_EXERCISE_. Type out the listing below exactly. Pictures stay out of it.

_PROVIDED MATERIAL_.
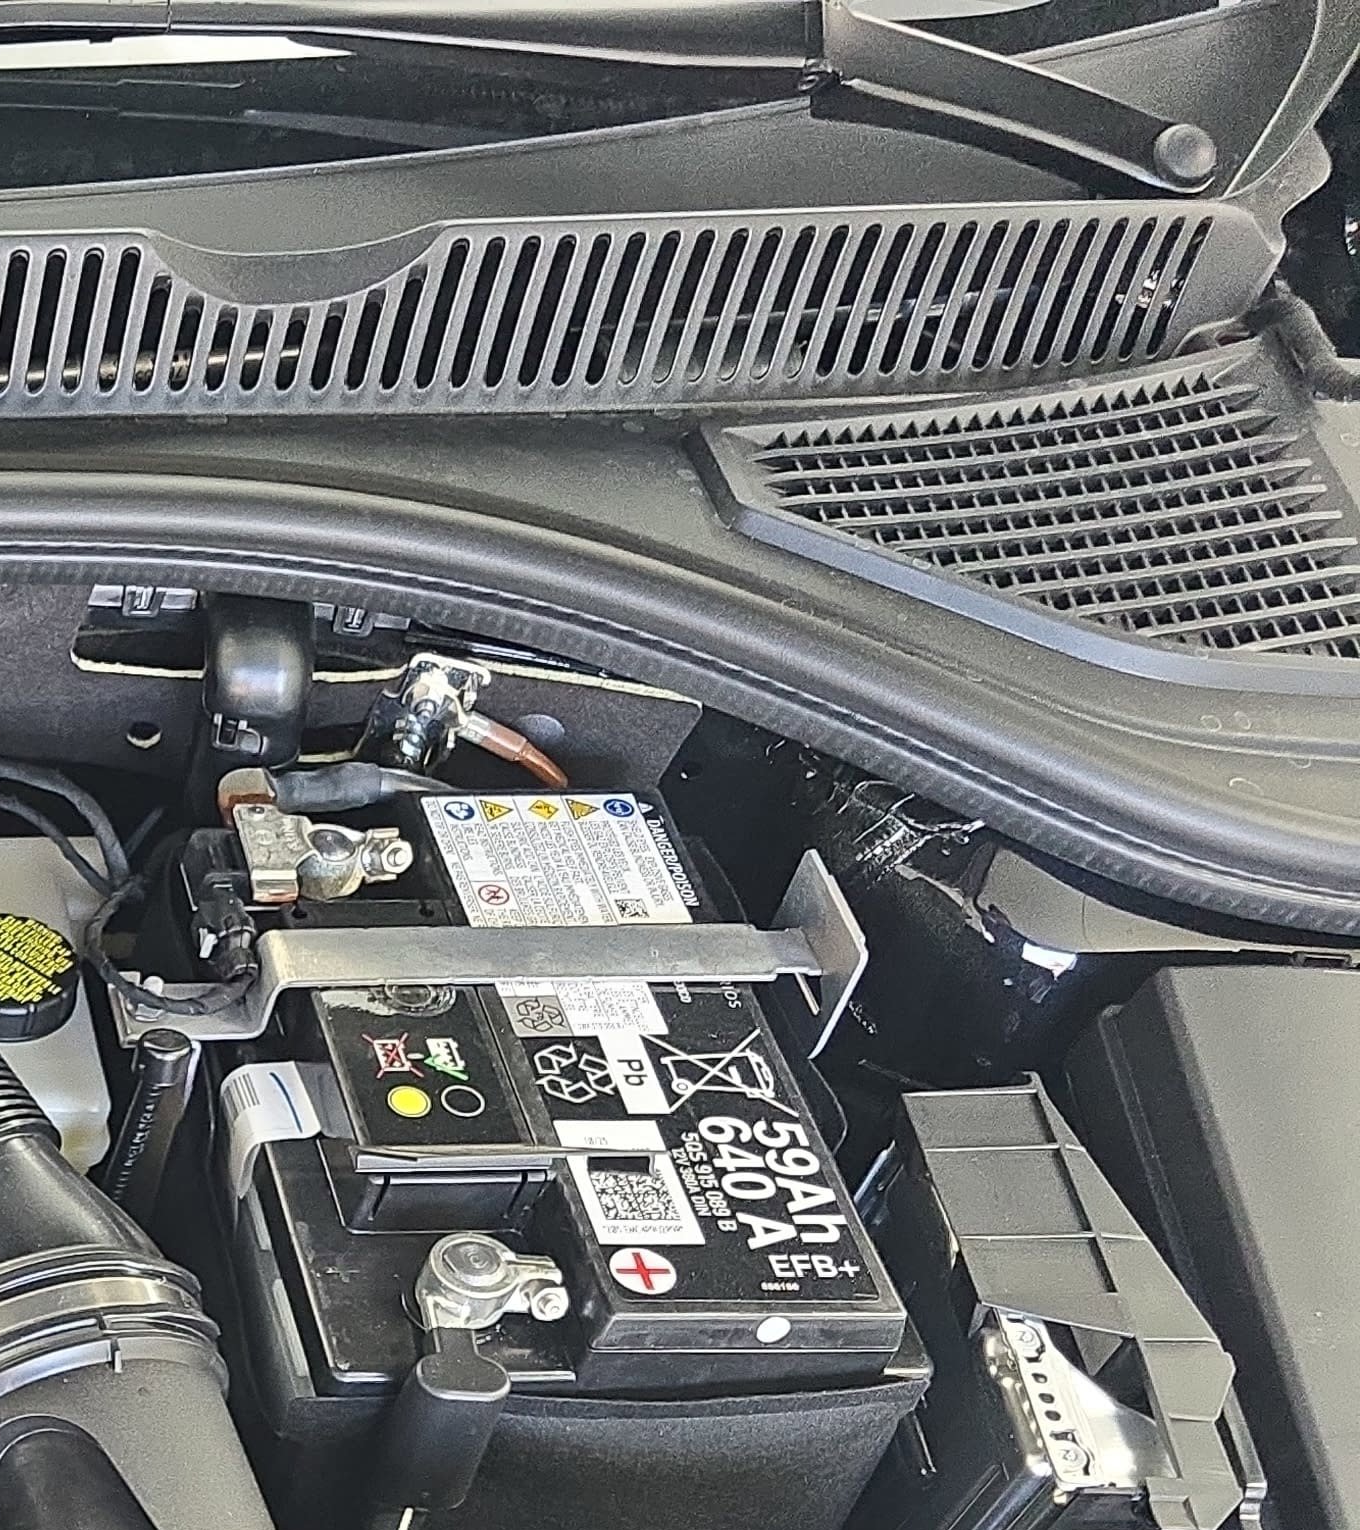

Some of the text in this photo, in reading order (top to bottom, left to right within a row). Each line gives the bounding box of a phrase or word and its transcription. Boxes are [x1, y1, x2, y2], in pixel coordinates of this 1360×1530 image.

[646, 818, 700, 907] DANGER/POISON
[617, 1058, 648, 1087] Pb
[671, 1147, 691, 1169] 12V
[690, 1195, 713, 1218] DIN
[694, 1163, 720, 1189] 915
[698, 1116, 799, 1251] 640 A
[753, 1120, 848, 1244] 59Ah
[705, 1190, 732, 1217] 089
[716, 1218, 739, 1233] B
[768, 1253, 860, 1278] EFB+
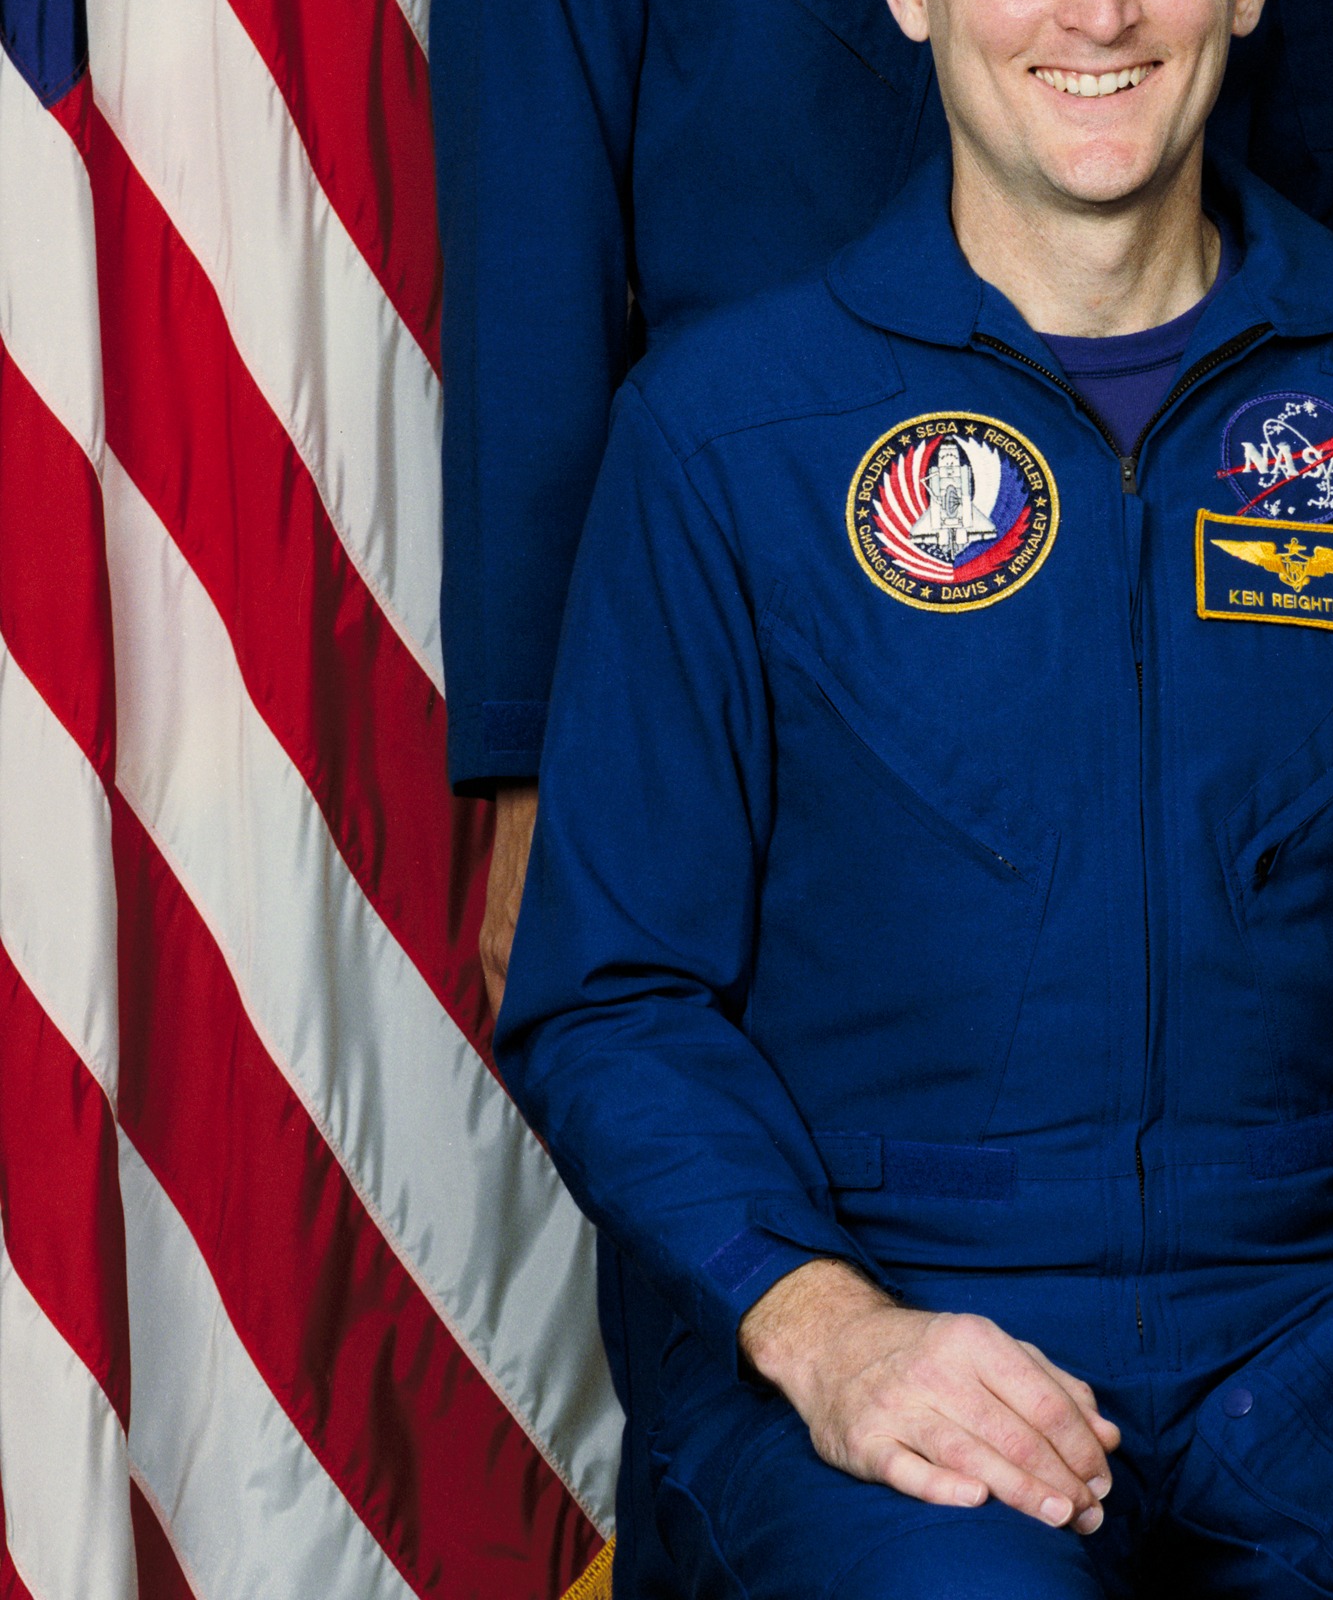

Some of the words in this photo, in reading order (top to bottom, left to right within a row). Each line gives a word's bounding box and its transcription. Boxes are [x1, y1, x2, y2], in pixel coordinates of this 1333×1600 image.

[858, 446, 896, 501] BOLDEN
[916, 421, 958, 438] SEGA
[983, 428, 1044, 491] REIGHTLER
[859, 525, 917, 594] CHANG-DÍAZ
[941, 581, 988, 600] DAVIS
[1008, 512, 1047, 575] KRIKALEV
[1229, 589, 1264, 607] KEN
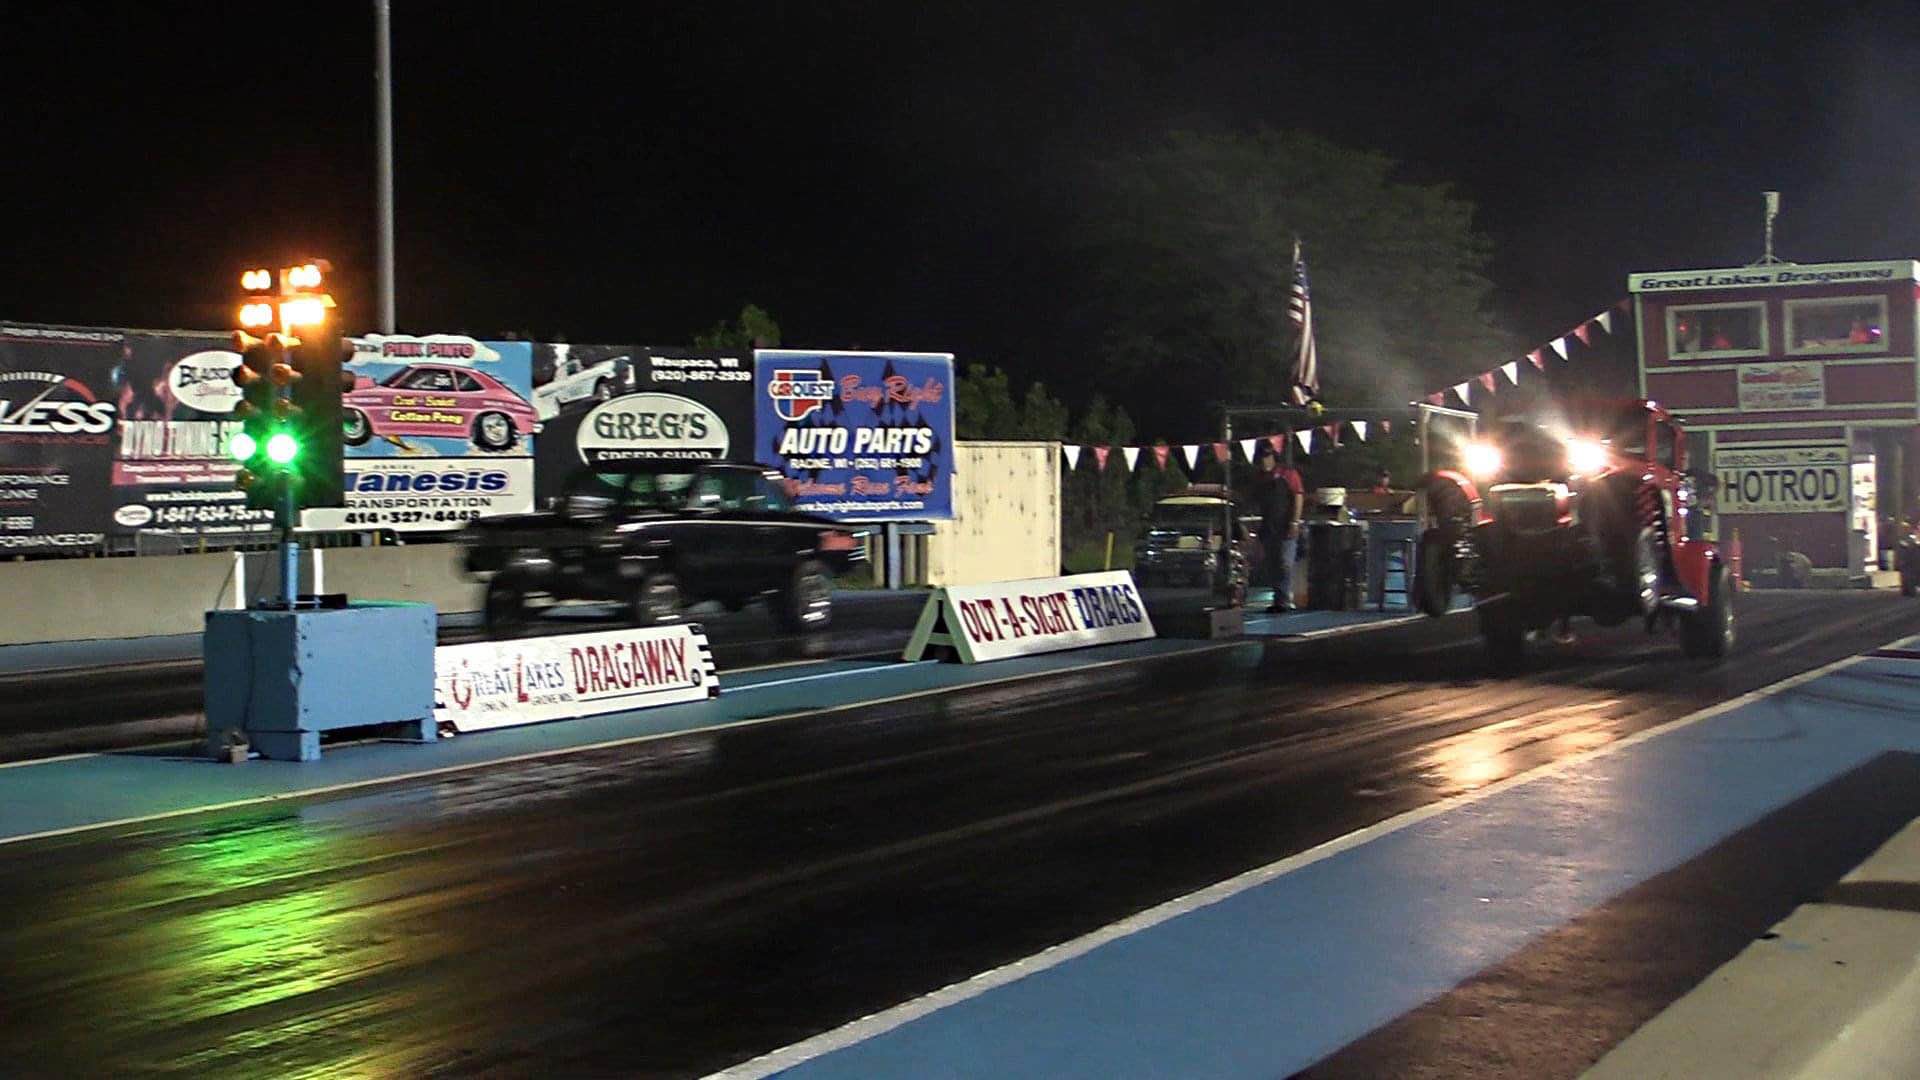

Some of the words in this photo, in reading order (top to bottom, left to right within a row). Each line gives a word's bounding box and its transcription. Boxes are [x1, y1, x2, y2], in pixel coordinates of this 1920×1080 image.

[1641, 275, 1707, 289] Great
[1708, 272, 1771, 287] Lakes
[1776, 267, 1893, 285] Dragaway
[382, 342, 423, 358] PINK
[427, 342, 475, 358] PINTO
[770, 382, 834, 398] CARQUEST
[594, 411, 708, 440] GREG'S
[778, 427, 848, 455] AUTO
[853, 427, 933, 455] PARTS
[1723, 469, 1839, 503] HOTROD
[960, 592, 1078, 643] OUT-A-SIGHT
[1071, 584, 1143, 630] DRAGS
[516, 653, 566, 703] LAKES
[571, 637, 690, 695] DRAGAWAY
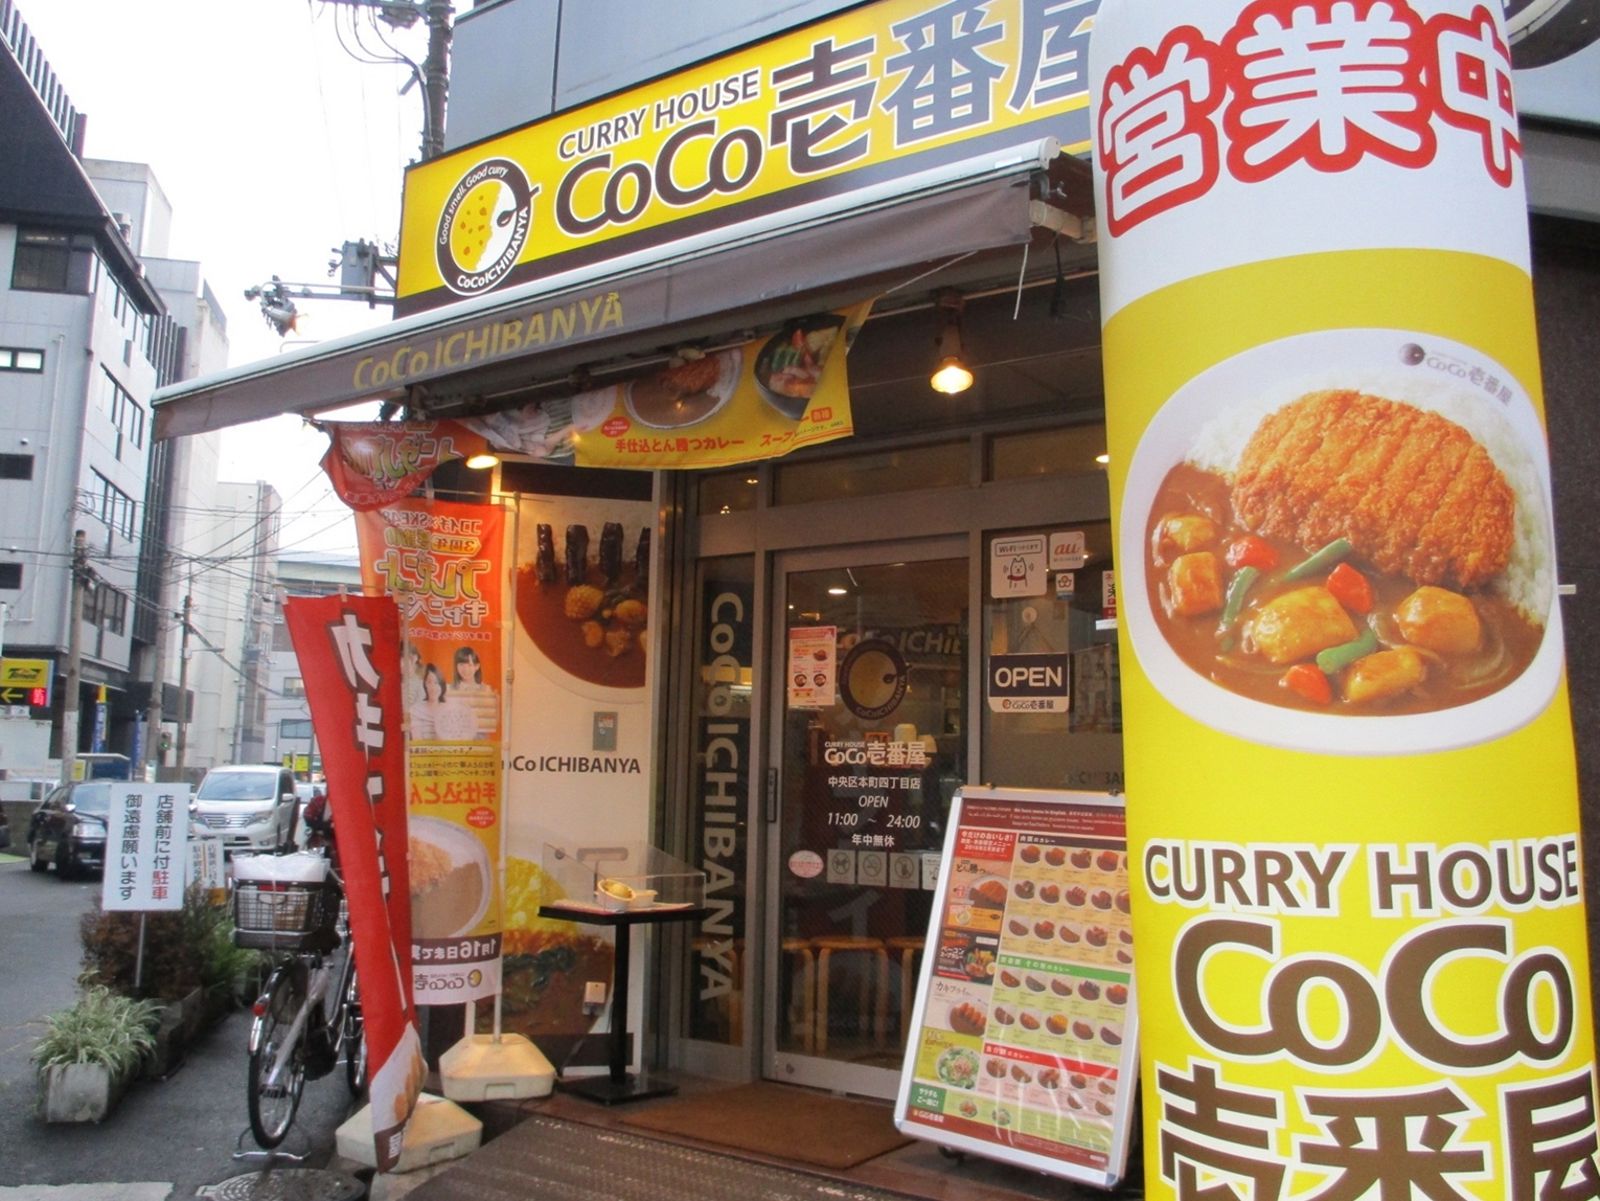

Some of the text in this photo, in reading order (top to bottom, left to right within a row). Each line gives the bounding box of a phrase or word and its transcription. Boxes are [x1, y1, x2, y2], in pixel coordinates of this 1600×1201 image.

[559, 69, 760, 160] CURRY HOUSE
[1101, 0, 1524, 238] 営業中
[994, 666, 1063, 688] OPEN
[824, 740, 927, 766] CoCo壱番屋
[828, 775, 921, 790] 中央区本町四丁目店
[858, 795, 889, 808] OPEN
[827, 812, 859, 826] 11:00
[886, 814, 921, 829] 24:00
[851, 834, 896, 848] 年中無休
[118, 793, 143, 901] 御遠慮願います
[151, 794, 175, 902] 店舗前に付駐車
[1143, 834, 1579, 913] CURRY HOUSE
[1173, 917, 1576, 1070] CoCo

_RESPONSE_.
Some of the text in this photo, in reading order (top to bottom, left to right within a row). Each line gives the bounding box of a phrase or word and its transcription. Boxes are [x1, y1, x2, y2], in pixel coordinates of this 1360×1530 image.

[646, 818, 700, 907] DANGER/POISON
[617, 1058, 648, 1087] Pb
[671, 1147, 691, 1169] 12V
[690, 1195, 713, 1218] DIN
[694, 1163, 720, 1189] 915
[698, 1116, 799, 1251] 640 A
[753, 1120, 848, 1244] 59Ah
[705, 1190, 732, 1217] 089
[716, 1218, 739, 1233] B
[768, 1253, 860, 1278] EFB+

Some of the words in this photo, in reading order (top to bottom, left to right within a row). Each line gives a word's bounding box and its transcription. Boxes are [x1, y1, x2, y2], in pixel coordinates of this 1333×1600 image.

[858, 446, 896, 501] BOLDEN
[916, 421, 958, 438] SEGA
[983, 428, 1044, 491] REIGHTLER
[859, 525, 917, 594] CHANG-DÍAZ
[941, 581, 988, 600] DAVIS
[1008, 512, 1047, 575] KRIKALEV
[1229, 589, 1264, 607] KEN

Some of the words in this photo, in reading order (top to bottom, left to right within a row). Each line gives a word's bounding box and its transcription. Boxes are [x1, y1, x2, y2], in pixel coordinates of this 1920×1080 image.

[1641, 275, 1707, 289] Great
[1708, 272, 1771, 287] Lakes
[1776, 267, 1893, 285] Dragaway
[382, 342, 423, 358] PINK
[427, 342, 475, 358] PINTO
[770, 382, 834, 398] CARQUEST
[594, 411, 708, 440] GREG'S
[778, 427, 848, 455] AUTO
[853, 427, 933, 455] PARTS
[1723, 469, 1839, 503] HOTROD
[960, 592, 1078, 643] OUT-A-SIGHT
[1071, 584, 1143, 630] DRAGS
[516, 653, 566, 703] LAKES
[571, 637, 690, 695] DRAGAWAY

Some of the text in this photo, in reading order (top to bottom, left to right within a row). Each line gives the bounding box of a phrase or word and its transcription. Boxes are [x1, y1, x2, y2], in pixel coordinates of this 1600×1201 image.

[559, 69, 760, 160] CURRY HOUSE
[1101, 0, 1524, 238] 営業中
[994, 666, 1063, 688] OPEN
[824, 740, 927, 766] CoCo壱番屋
[828, 775, 921, 790] 中央区本町四丁目店
[858, 795, 889, 808] OPEN
[827, 812, 859, 826] 11:00
[886, 814, 921, 829] 24:00
[851, 834, 896, 848] 年中無休
[118, 793, 143, 901] 御遠慮願います
[151, 794, 175, 902] 店舗前に付駐車
[1143, 834, 1579, 913] CURRY HOUSE
[1173, 917, 1576, 1070] CoCo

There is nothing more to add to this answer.